Work to complete = Your answer should consist of the lines in the data below that contain "COSMOPOLITAN".

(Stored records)
|---|
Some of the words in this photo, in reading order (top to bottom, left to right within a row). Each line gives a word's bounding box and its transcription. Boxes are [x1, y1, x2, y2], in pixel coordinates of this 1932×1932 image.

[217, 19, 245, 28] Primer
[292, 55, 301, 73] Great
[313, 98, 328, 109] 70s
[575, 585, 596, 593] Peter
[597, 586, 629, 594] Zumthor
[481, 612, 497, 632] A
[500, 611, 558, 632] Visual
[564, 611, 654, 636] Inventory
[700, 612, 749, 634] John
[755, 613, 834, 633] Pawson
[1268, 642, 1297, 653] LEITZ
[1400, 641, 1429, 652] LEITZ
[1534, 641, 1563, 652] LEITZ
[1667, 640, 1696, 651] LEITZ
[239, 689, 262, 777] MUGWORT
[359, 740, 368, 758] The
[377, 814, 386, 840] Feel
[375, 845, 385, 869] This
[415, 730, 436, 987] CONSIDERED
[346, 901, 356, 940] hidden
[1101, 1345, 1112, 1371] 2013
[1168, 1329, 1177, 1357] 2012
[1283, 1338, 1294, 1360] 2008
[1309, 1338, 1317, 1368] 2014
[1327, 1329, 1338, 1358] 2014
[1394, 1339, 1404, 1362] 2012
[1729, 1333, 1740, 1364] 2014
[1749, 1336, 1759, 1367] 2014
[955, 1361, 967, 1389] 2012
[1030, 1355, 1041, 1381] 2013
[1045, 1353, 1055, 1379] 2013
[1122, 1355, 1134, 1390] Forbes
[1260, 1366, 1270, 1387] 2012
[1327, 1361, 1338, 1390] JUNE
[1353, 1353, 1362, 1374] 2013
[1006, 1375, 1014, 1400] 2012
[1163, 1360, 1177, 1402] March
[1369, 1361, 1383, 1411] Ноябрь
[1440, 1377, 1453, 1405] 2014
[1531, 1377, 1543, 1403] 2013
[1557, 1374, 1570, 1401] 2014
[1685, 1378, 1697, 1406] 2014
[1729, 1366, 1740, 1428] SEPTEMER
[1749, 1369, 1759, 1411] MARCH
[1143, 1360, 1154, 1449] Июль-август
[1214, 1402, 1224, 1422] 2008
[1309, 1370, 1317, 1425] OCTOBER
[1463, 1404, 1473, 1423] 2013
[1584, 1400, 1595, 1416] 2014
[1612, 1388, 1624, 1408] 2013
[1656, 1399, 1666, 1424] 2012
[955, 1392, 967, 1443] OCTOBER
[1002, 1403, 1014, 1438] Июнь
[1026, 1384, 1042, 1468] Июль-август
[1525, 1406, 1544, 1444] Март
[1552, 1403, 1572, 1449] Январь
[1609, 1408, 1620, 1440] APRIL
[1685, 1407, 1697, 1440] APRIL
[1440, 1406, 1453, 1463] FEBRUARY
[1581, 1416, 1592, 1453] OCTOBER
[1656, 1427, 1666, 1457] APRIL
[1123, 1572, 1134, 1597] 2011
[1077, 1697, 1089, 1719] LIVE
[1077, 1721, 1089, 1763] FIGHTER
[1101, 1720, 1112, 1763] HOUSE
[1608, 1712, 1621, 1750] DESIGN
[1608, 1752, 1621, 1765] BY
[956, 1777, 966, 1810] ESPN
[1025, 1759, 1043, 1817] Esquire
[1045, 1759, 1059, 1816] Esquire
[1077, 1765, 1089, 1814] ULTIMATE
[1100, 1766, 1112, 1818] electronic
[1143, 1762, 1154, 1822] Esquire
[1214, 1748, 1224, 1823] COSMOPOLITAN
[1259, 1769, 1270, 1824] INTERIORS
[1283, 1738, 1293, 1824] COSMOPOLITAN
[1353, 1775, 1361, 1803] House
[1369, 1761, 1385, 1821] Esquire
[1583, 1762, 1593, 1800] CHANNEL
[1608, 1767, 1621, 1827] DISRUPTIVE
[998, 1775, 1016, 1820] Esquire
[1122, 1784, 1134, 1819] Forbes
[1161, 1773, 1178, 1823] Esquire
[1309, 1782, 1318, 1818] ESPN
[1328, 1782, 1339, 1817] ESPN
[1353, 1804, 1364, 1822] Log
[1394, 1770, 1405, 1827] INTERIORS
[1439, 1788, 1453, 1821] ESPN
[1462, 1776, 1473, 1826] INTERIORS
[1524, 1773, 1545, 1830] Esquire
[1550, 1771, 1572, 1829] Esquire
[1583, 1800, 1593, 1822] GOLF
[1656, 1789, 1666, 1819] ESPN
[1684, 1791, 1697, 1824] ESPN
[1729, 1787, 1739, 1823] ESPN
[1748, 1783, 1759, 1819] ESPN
|---|
Problem solution =
[1214, 1748, 1224, 1823] COSMOPOLITAN
[1283, 1738, 1293, 1824] COSMOPOLITAN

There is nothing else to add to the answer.